Follow this cycling PT’s approach to preventing, treating, and eliminating Carpal Tunnel Syndrome When Cycling.
When a cyclist thinks about nagging injuries that potentially could keep them out of the saddle, thoughts don’t immediately turn to Carpal Tunnel Syndrome When Cycling. However, wrist pain is a common complaint throughout society, and whether cycling is the cause or not, it remains an issue many riders must address.
Cyclists experience two primary types of gradual onset wrist injuries—Carpal Tunnel Syndrome (CTS) and Handlebar Palsy. Both conditions are usually caused by compression of the nerves as they travel through the wrist.

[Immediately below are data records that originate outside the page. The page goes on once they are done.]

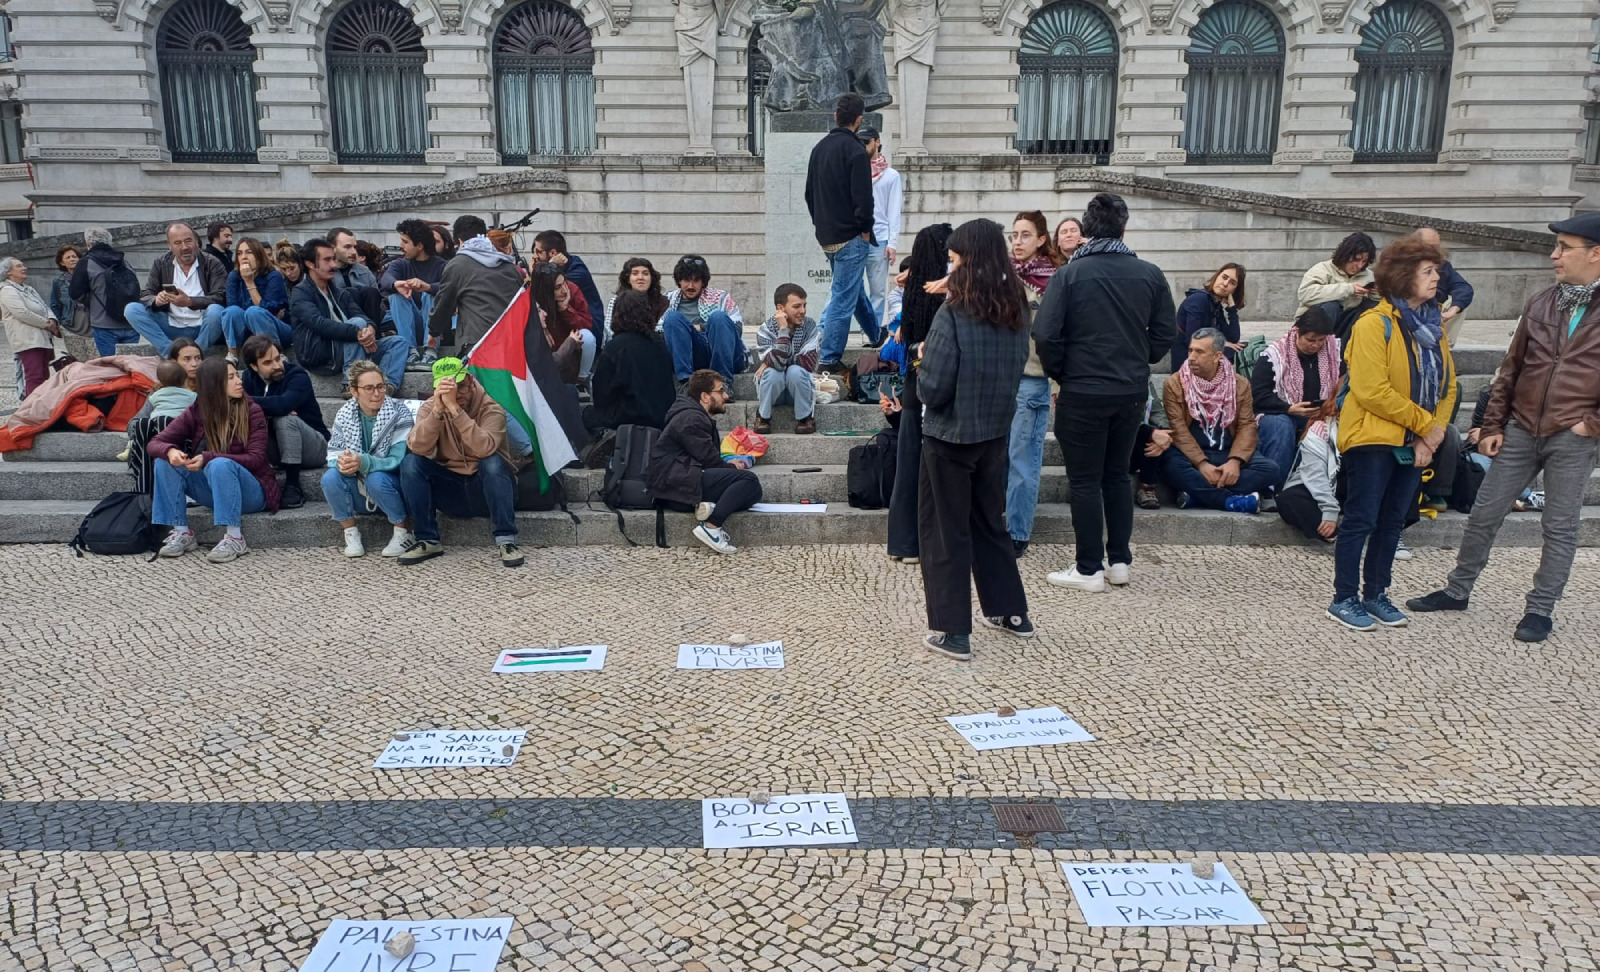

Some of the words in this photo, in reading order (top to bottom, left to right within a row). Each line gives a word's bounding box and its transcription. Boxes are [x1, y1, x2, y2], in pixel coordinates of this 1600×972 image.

[693, 646, 781, 656] PALESTINA
[695, 656, 780, 667] LIVRE
[972, 718, 1020, 729] PAULO
[440, 733, 523, 744] SANGUE
[989, 728, 1072, 741] FLOTILHA
[387, 744, 431, 752] NAS
[381, 756, 416, 764] SR
[421, 756, 513, 765] MINISTRO
[712, 800, 844, 818] BOICOTE
[714, 819, 728, 829] A
[1073, 867, 1149, 876] DEIXEM
[1171, 867, 1183, 875] A
[1082, 880, 1239, 898] FLOTILHA
[1115, 905, 1239, 923] PASSAR
[339, 926, 503, 945] PALESTINA
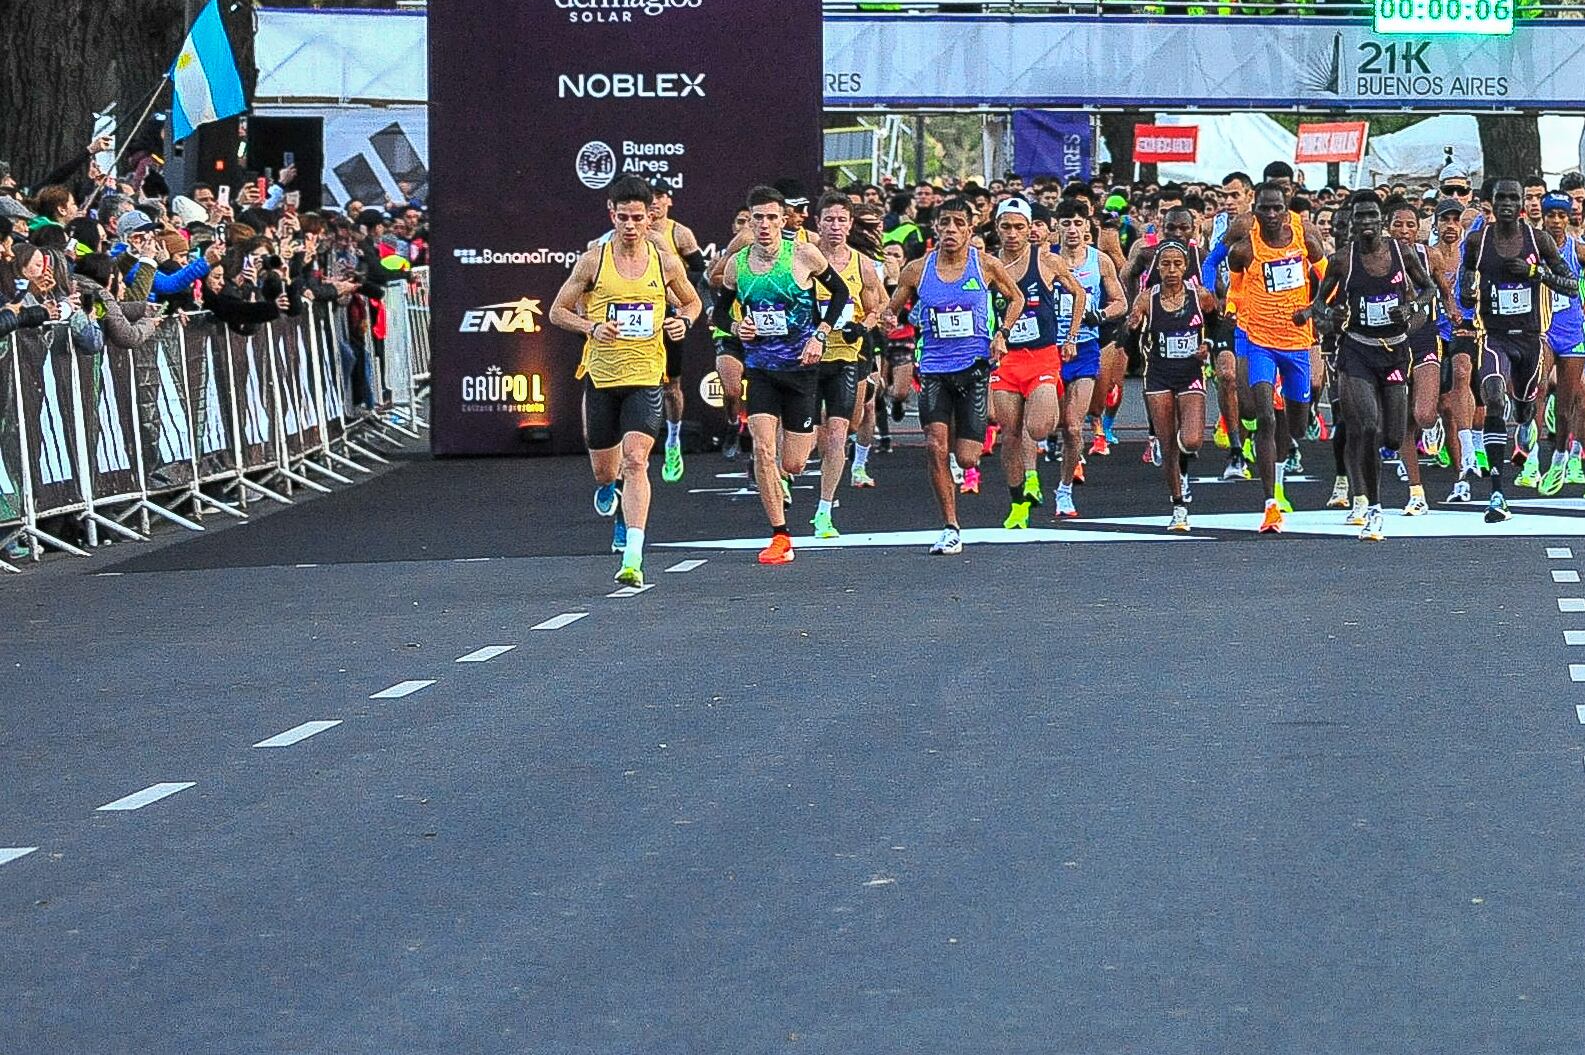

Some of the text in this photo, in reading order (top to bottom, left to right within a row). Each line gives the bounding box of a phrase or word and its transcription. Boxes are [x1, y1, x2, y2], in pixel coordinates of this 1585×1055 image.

[569, 11, 632, 23] SOLAR
[1358, 42, 1432, 74] 21K
[558, 73, 706, 98] NOBLEX
[825, 73, 862, 92] RES
[1357, 76, 1509, 96] BUENOS AIRES
[622, 141, 685, 155] Buenos
[622, 157, 669, 172] Aires
[1286, 268, 1293, 279] 2
[1512, 293, 1519, 304] 8
[630, 314, 642, 326] 24
[763, 314, 775, 325] 25
[950, 315, 959, 327] 15
[1016, 322, 1027, 332] 34
[1177, 338, 1189, 349] 57
[462, 374, 545, 403] GRUPO L

Handlebar Palsy, or Ulnar Nerve Neuropathy, is when compression of the nerve running along the inside of the hand (the ulnar nerve) causes numbness, tingling, and weakness of the ring and little finger.
Carpal Tunnel Syndrome When Cycling is the other. To prevent it from keeping you out of the saddle, it’s essential to know more about it and what you can do to avoid the chronic condition.

What is Carpal Tunnel Syndrome?
Carpal Tunnel Syndrome is a condition of the wrist characterized by pain, numbness, and tingling of the hand and fingers. The median nerve’s job is to provide sensation and movement to portions of the forearm, wrist, and hand. It’s a long nerve that originates at the spinal cord and travels down the arm, through the elbow, wrist, and into the hand.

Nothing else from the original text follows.